High Tumor Mutation Burden Is Associated with Poor Clinical Outcome in EGFR-Mutated Lung Adenocarcinomas Treated with Targeted Therapyopen access
- Authors
- Sung, Ji-Youn; Park, Dong-Won; Lee, Seung-Hyeun
- Issue Date
- Sep-2022
- Publisher
- MDPI
- Keywords
- lung cancer; next-generation sequencing; tumor mutation burden; survival; epidermal growth factor receptor; targeted therapy
- Citation
- BIOMEDICINES, v.10, no.9, pp.1 - 16
- Indexed
- SCIE
SCOPUS
- Journal Title
- BIOMEDICINES
- Volume
- 10
- Number
- 9
- Start Page
- 1
- End Page
- 16
- URI
- https://scholarworks.bwise.kr/hanyang/handle/2021.sw.hanyang/173107
- DOI
- 10.3390/biomedicines10092109
- ISSN
- 2227-9059
- Abstract
- This study aimed to determine the association between TMB and treatment outcomes in patients with epidermal growth factor receptor (EGFR)-mutated lung cancer that were treated with tyrosine kinase inhibitors (TKIs).

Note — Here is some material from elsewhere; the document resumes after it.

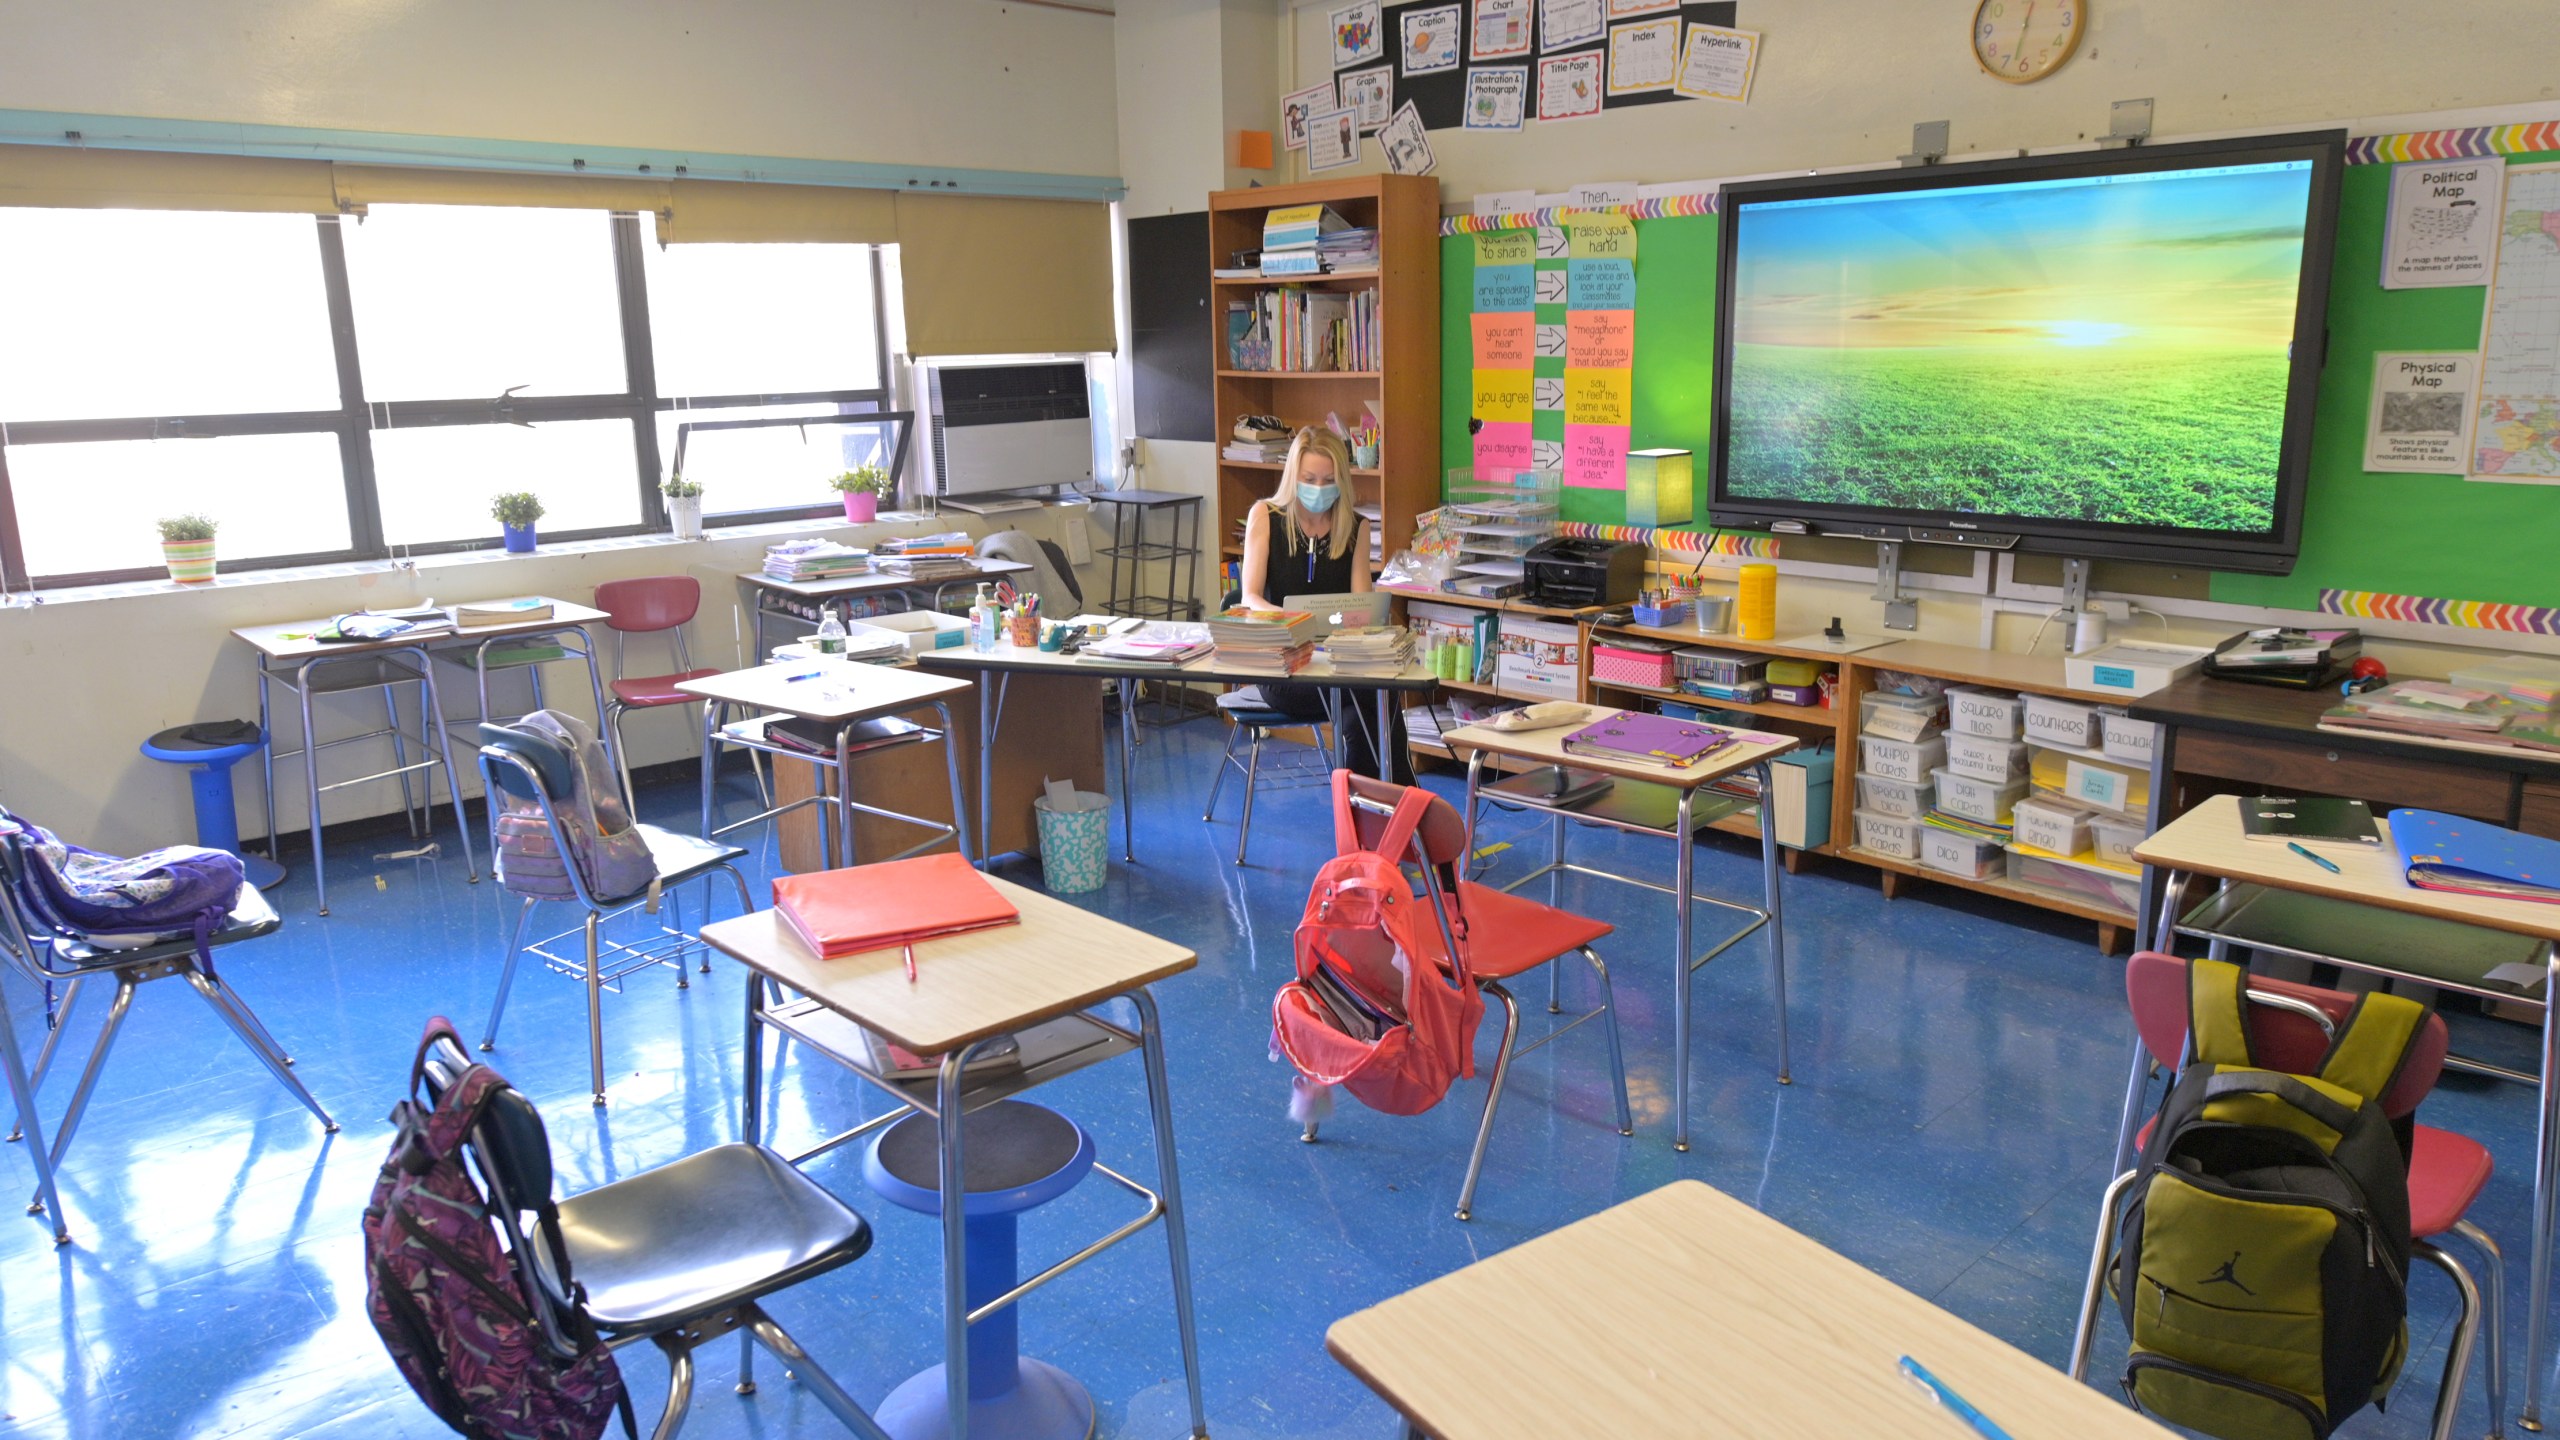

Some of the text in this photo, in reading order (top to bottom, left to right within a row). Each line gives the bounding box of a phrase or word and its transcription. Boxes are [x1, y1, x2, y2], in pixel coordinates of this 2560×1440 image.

The TMB was assessed using a 409-gene targeted next-generation sequencing panel. We compared the response rate (RR), progression-free survival (PFS), overall survival (OS), and frequency of secondary T790M mutations among the different TMB groups. The median TMB of the study population (n = 88) was 3.36/megabases. We divided 52 (59%) and 36 (41%) patients into the low and high TMB groups, respectively. A high TMB level was significantly associated with liver metastasis and more advanced stage (all p < 0.05). RR was significantly lower in the high TMB group than that of the low TMB group (50.0% vs. 80.7%, all p = 0.0384). In multivariate analysis, high TMB was independently associated with a shorter PFS (hazard ratio [HR] = 1.80, p = 0.0427) and shorter OS (HR = 2.05, p = 0.0397) than that of the low TMB group. Further, high TMB was independently associated with decreased T790M mutation development. These results suggest that high TMB may be a predictive biomarker for adverse treatment outcomes and represent a patients' subgroup warranting tailored therapeutic approaches.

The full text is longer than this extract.